En particulier, le FRET entre deux protéines fluorescentes fusionnées à des protéines d’intérêt permet de visualiser leur interaction et d’accéder à la topologie ou la stœchiométrie de cette dernière dans l’environnement cellulaire. Nous détectons le FRET via la mesure de la durée de vie de fluorescence du partenaire donneur, en mode image (FLIM). Cette stratégie, qui permet une analyse quantitative du FRET, est en plein renouveau notamment grâce à de nouvelles méthodes d’analyse des images.

Nous avons développé une stratégie qui combine FRET-FLIM et FCCS pour étudier la NADPH oxydase des phagocytes. C’est une enzyme qui produit des anions superoxydes, un précurseur des espèces réactives de l'oxygène (ROS) essentielles aux réponses de l'hôte aux infections microbiennes. Elle est constituée de deux sous-unités membranaires (NOX2 et p22) et de trois sous-unités cytosoliques (p40, p47 et p67). Nous avons caractérisé les interactions inter- et intramoléculaires des sous-unités cytosoliques et élucidé leur conformation, leur stœchiométrie, leur fraction d'interaction et leurs affinités en cellules vivantes.
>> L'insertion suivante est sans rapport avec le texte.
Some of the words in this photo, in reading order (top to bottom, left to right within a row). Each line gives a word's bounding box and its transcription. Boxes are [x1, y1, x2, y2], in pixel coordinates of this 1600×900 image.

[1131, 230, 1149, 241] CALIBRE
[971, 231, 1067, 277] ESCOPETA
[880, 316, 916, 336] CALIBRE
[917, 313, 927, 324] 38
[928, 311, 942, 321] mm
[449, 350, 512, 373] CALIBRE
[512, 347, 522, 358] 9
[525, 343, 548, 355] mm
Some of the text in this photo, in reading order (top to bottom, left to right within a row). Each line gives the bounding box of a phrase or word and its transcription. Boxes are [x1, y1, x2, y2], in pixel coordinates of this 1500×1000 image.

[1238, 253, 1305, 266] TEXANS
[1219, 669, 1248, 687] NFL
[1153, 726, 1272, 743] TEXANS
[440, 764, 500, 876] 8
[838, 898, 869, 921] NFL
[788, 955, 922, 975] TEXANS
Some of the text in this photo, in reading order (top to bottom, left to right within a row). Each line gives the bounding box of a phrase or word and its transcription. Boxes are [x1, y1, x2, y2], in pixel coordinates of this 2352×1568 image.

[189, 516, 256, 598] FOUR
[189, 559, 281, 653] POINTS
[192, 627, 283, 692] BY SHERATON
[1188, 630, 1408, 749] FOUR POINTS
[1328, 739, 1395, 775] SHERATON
De plus, en combinant les données FRET avec des modèles de diffusion des rayons X aux petits angles (SAXS) et des structures cristallines publiées de domaines et sous-unités isolés, nous avons construit un modèle 3D de l'ensemble du complexe cytosolique [Ziegler2019, Valenta2022].

Nous développons de nouveaux projets pour détecter les sites de contacts entre membranes (post doc M. Abdesselem, thèse D. Zamiati, ANR ApicolipidTraffic 2023-2027).

Schéma du workflow analytique, de l’imagerie au modèle 3D du complexe cytosolique de la NADPH oxydase.